**What is being asked**
Leave out the pictures and return every entry exactly as it appears.

**Dataset**
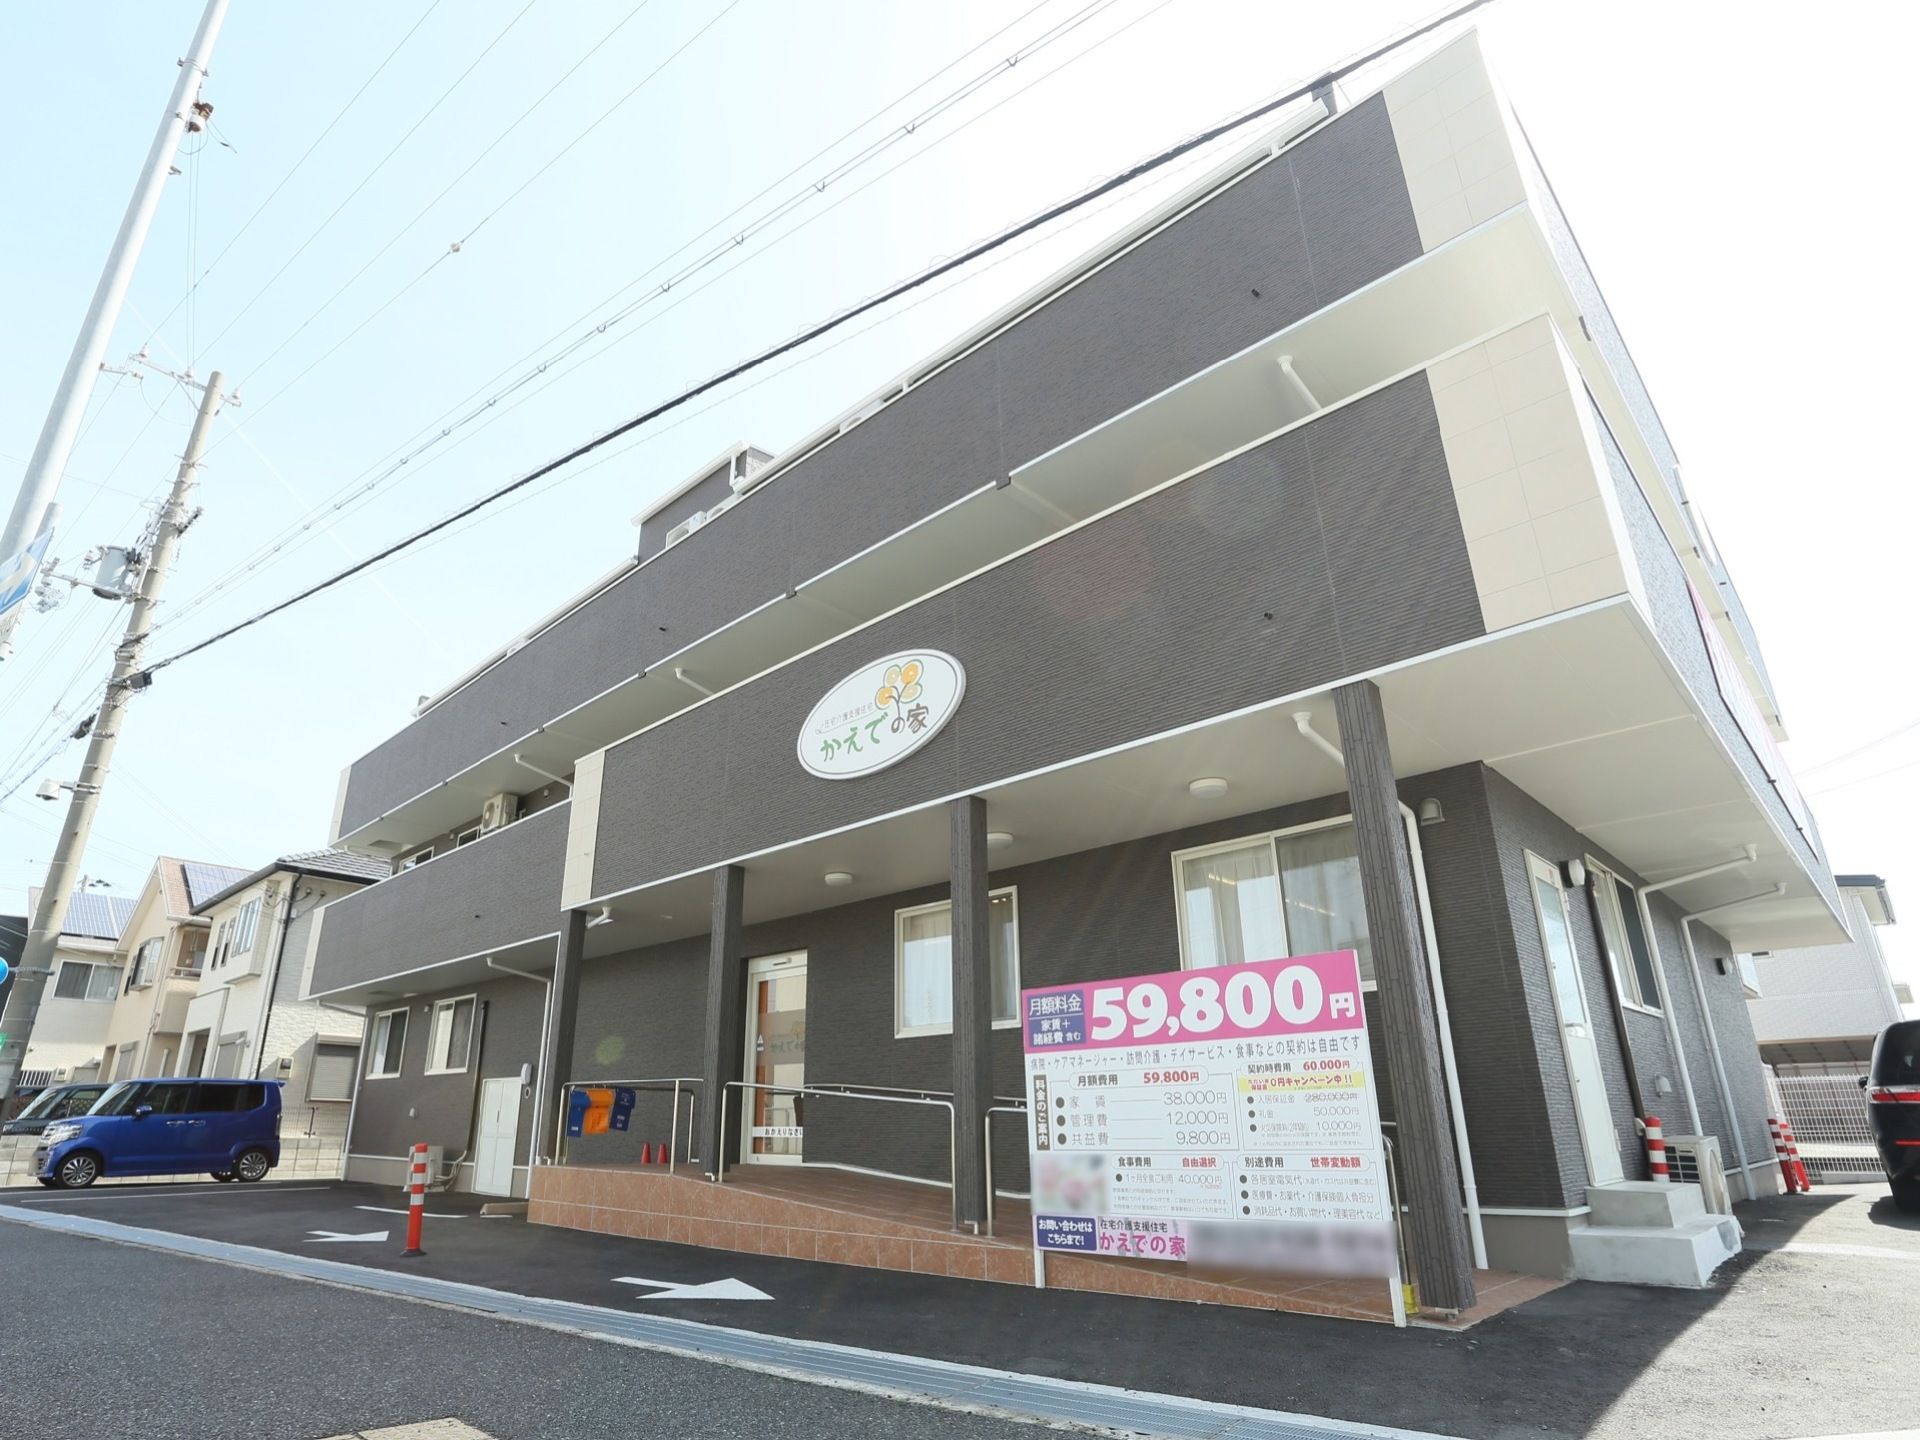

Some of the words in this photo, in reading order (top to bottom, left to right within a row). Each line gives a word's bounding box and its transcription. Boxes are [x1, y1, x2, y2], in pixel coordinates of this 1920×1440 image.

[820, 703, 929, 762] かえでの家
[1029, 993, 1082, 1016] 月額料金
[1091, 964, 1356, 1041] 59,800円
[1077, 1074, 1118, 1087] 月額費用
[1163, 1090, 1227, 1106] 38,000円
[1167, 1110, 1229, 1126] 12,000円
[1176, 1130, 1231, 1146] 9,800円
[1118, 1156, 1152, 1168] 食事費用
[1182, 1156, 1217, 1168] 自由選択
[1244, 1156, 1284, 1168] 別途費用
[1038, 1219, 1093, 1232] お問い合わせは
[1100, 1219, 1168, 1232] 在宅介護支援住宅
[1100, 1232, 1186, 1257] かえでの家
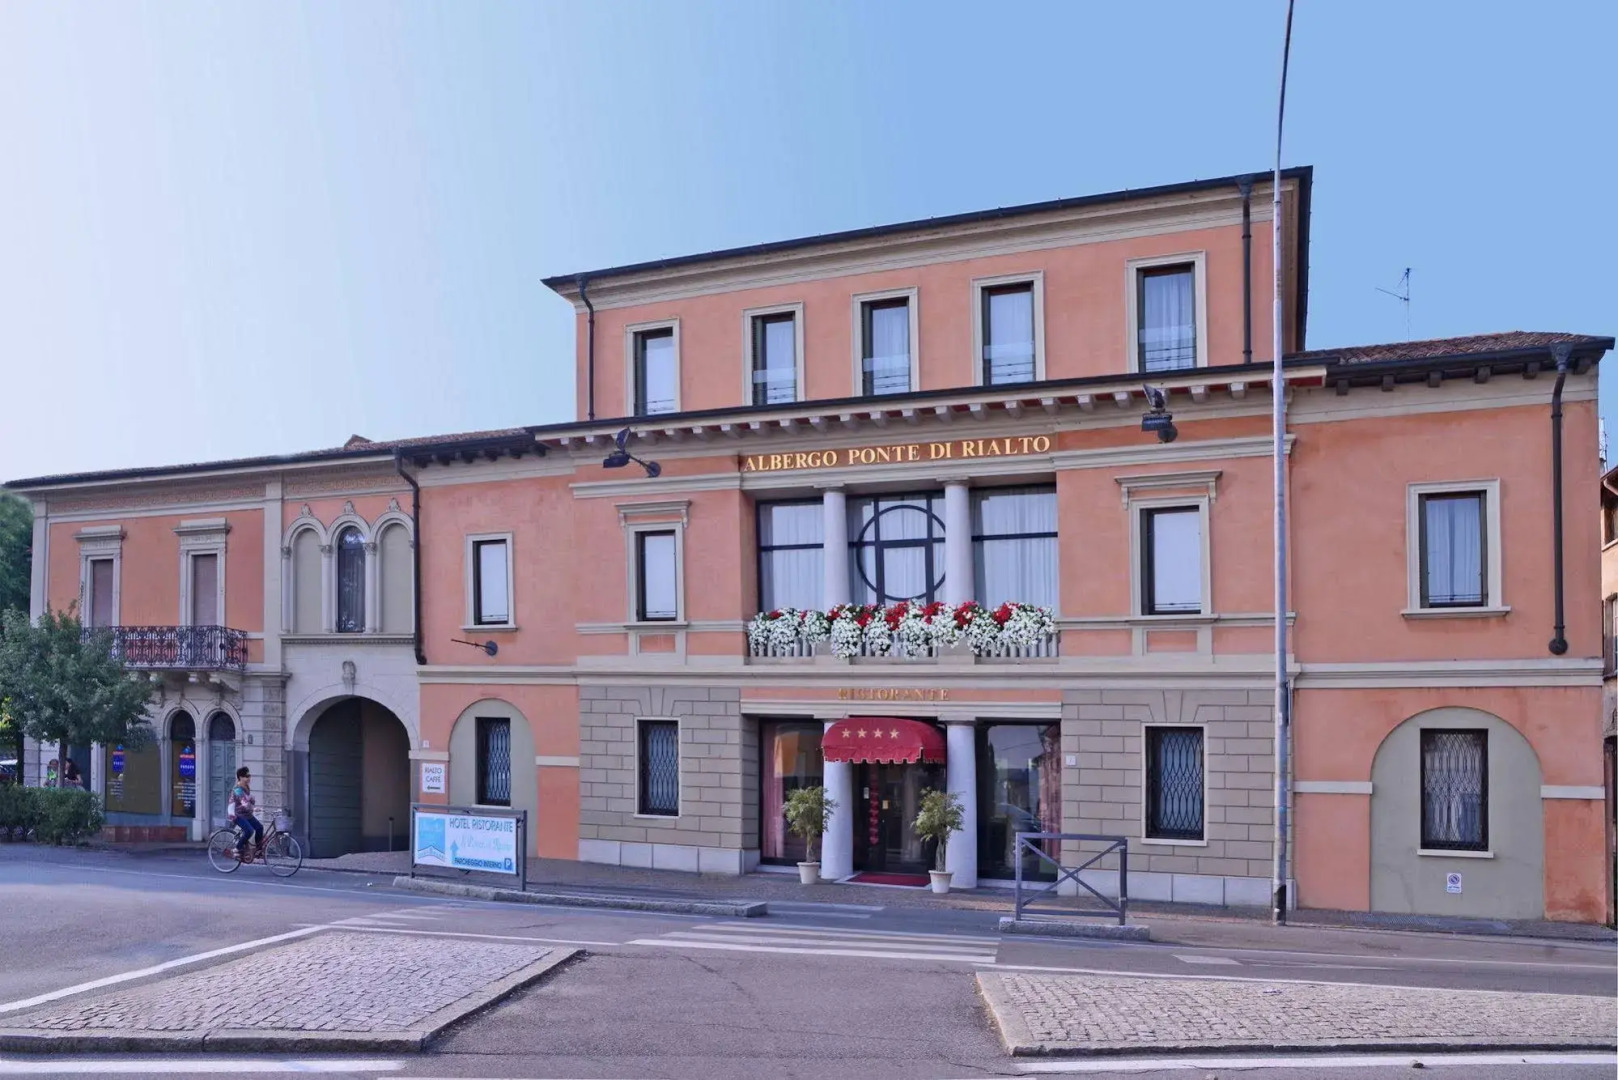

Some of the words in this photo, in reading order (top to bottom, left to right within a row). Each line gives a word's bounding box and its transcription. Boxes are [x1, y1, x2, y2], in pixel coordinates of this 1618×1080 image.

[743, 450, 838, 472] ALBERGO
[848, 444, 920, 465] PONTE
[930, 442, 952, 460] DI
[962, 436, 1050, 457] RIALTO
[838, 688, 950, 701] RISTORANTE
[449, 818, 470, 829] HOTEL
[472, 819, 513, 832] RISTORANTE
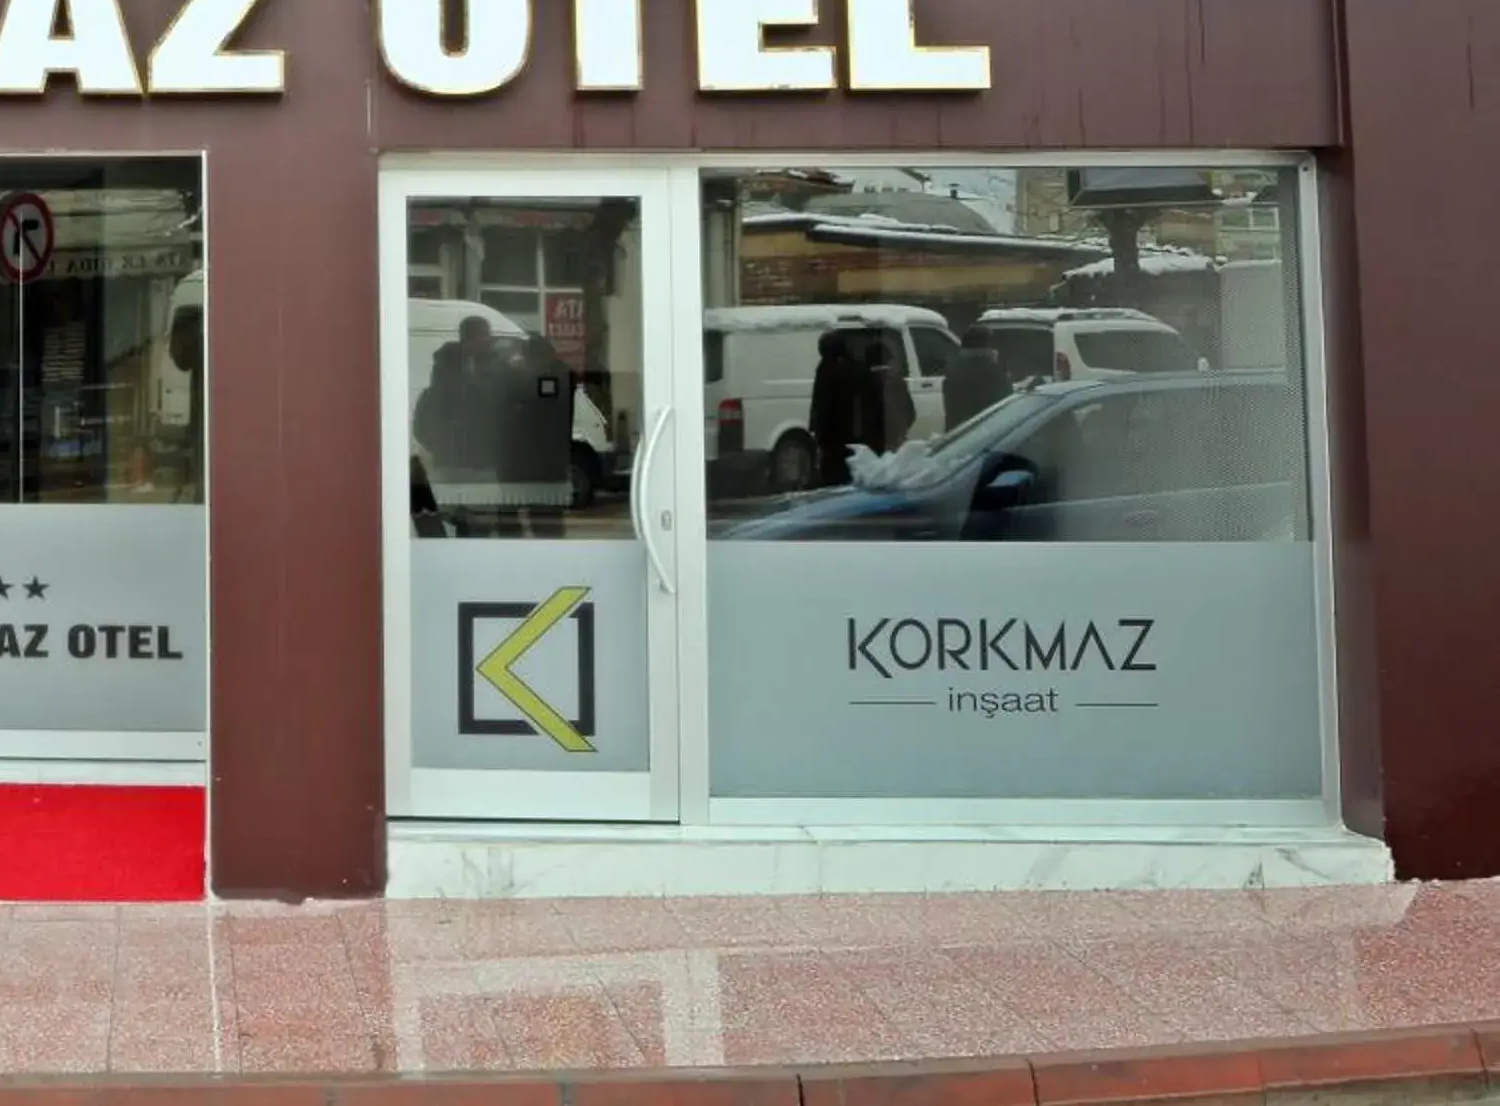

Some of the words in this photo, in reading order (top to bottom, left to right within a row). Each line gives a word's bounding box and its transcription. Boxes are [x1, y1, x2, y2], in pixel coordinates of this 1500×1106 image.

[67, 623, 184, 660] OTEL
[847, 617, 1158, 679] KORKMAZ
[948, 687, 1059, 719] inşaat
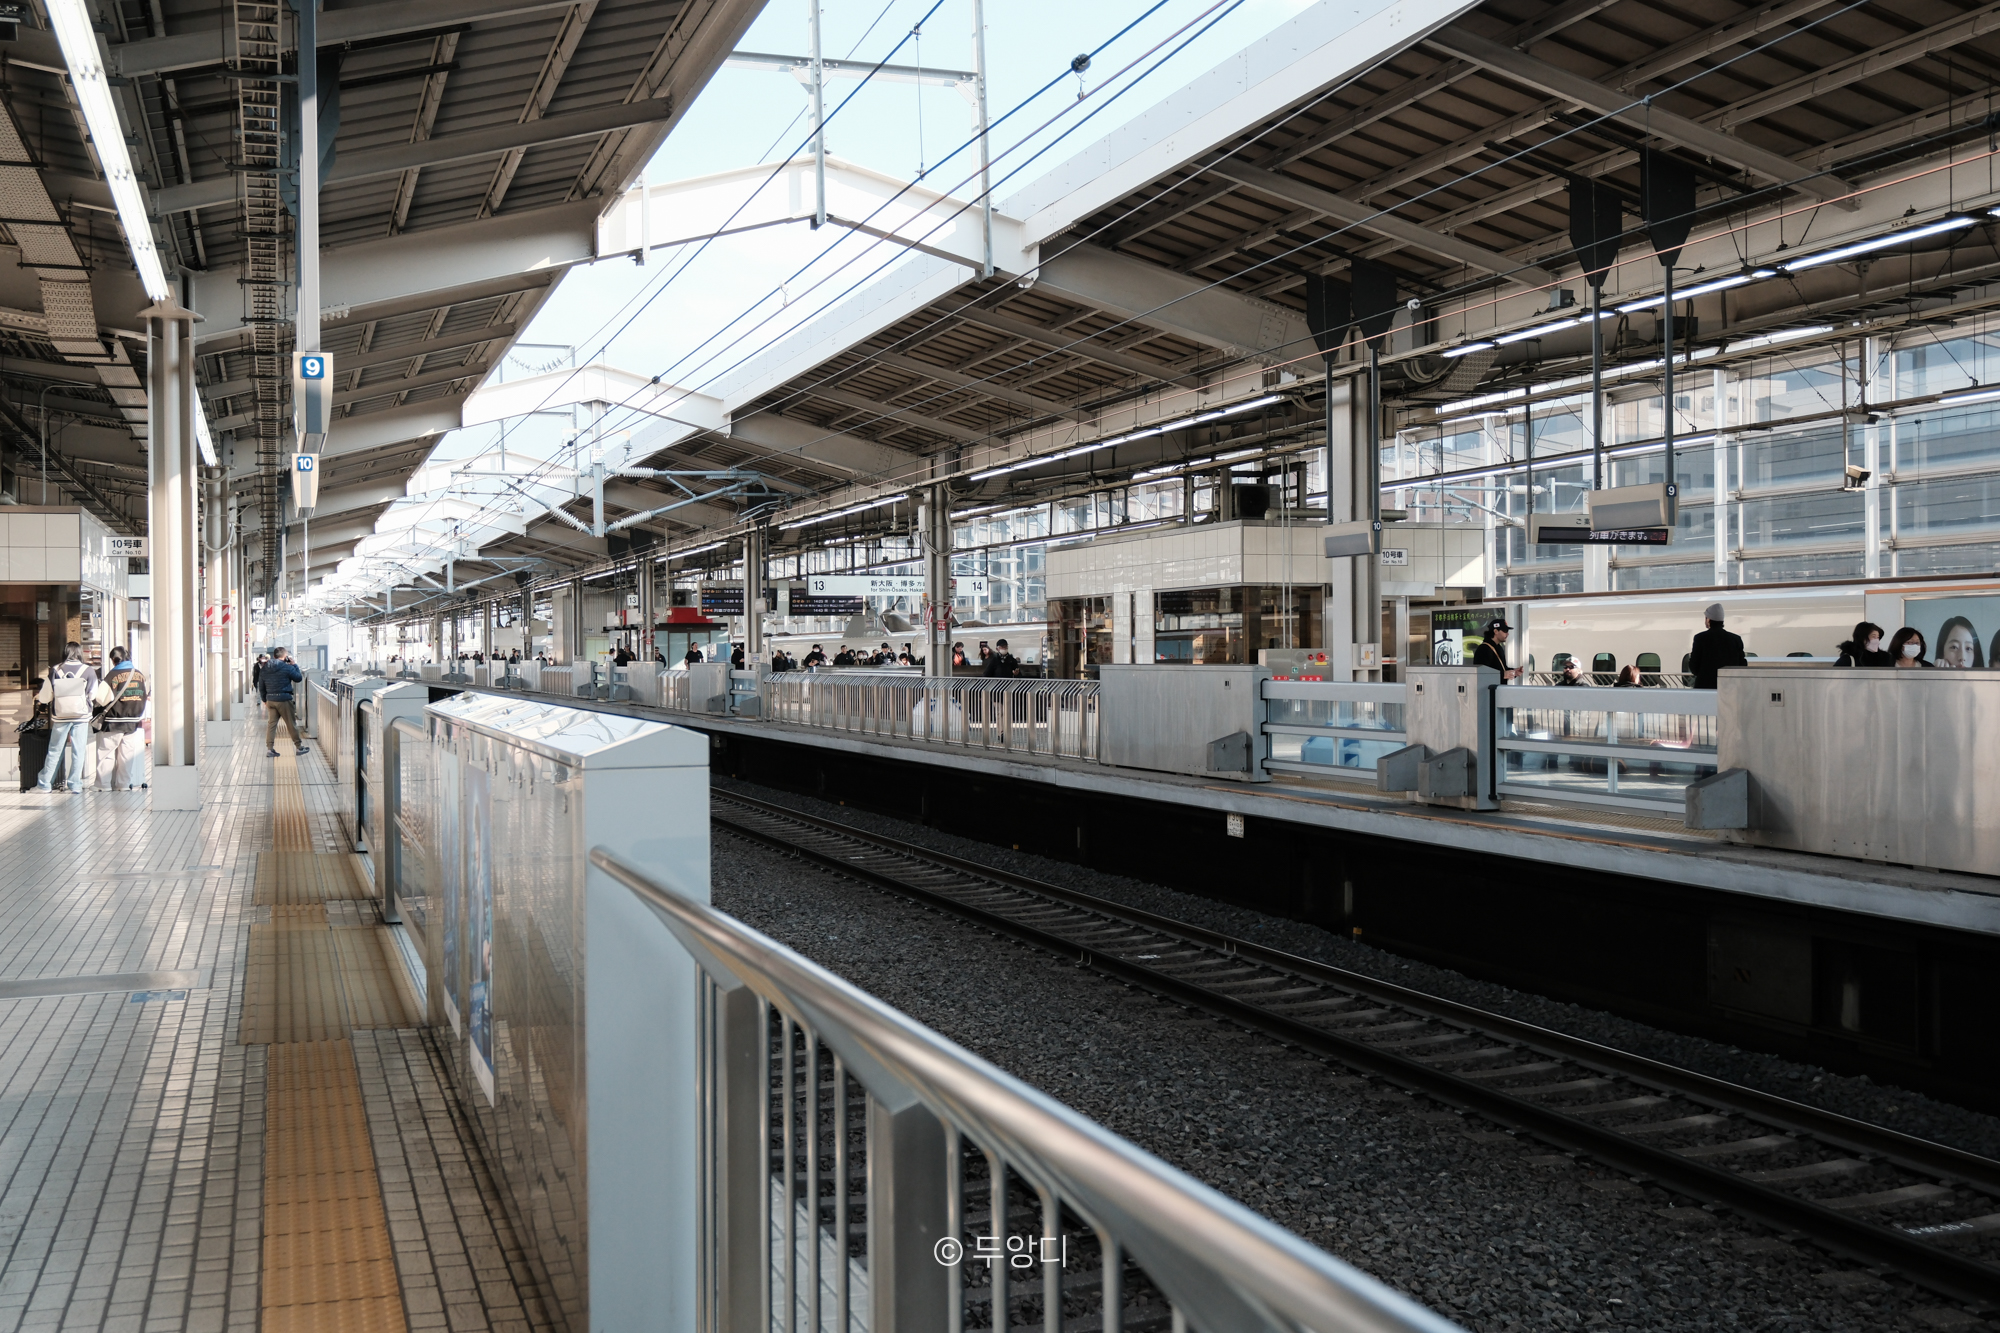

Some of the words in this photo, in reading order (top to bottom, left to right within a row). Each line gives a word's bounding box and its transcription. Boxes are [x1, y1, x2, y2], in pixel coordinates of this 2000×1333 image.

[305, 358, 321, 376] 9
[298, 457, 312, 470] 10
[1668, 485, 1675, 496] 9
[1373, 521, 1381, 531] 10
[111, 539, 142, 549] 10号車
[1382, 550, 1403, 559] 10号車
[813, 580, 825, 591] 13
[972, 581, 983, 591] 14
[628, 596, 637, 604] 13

**Answer to this exercise**
Some of the words in this photo, in reading order (top to bottom, left to right within a row). Each line gives a word's bounding box and its transcription. Boxes are [x1, y1, x2, y2], in pixel coordinates of this 1920×1440 image.

[820, 703, 929, 762] かえでの家
[1029, 993, 1082, 1016] 月額料金
[1091, 964, 1356, 1041] 59,800円
[1077, 1074, 1118, 1087] 月額費用
[1163, 1090, 1227, 1106] 38,000円
[1167, 1110, 1229, 1126] 12,000円
[1176, 1130, 1231, 1146] 9,800円
[1118, 1156, 1152, 1168] 食事費用
[1182, 1156, 1217, 1168] 自由選択
[1244, 1156, 1284, 1168] 別途費用
[1038, 1219, 1093, 1232] お問い合わせは
[1100, 1219, 1168, 1232] 在宅介護支援住宅
[1100, 1232, 1186, 1257] かえでの家

Some of the words in this photo, in reading order (top to bottom, left to right within a row). Each line gives a word's bounding box and its transcription. Boxes are [x1, y1, x2, y2], in pixel coordinates of this 1618×1080 image.

[743, 450, 838, 472] ALBERGO
[848, 444, 920, 465] PONTE
[930, 442, 952, 460] DI
[962, 436, 1050, 457] RIALTO
[838, 688, 950, 701] RISTORANTE
[449, 818, 470, 829] HOTEL
[472, 819, 513, 832] RISTORANTE

Some of the words in this photo, in reading order (top to bottom, left to right within a row). Each line gives a word's bounding box and its transcription. Boxes are [x1, y1, x2, y2], in pixel coordinates of this 1500×1106 image.

[67, 623, 184, 660] OTEL
[847, 617, 1158, 679] KORKMAZ
[948, 687, 1059, 719] inşaat

Some of the words in this photo, in reading order (top to bottom, left to right within a row). Each line gives a word's bounding box and its transcription. Boxes are [x1, y1, x2, y2], in pixel coordinates of this 2000×1333 image.

[305, 358, 321, 376] 9
[298, 457, 312, 470] 10
[1668, 485, 1675, 496] 9
[1373, 521, 1381, 531] 10
[111, 539, 142, 549] 10号車
[1382, 550, 1403, 559] 10号車
[813, 580, 825, 591] 13
[972, 581, 983, 591] 14
[628, 596, 637, 604] 13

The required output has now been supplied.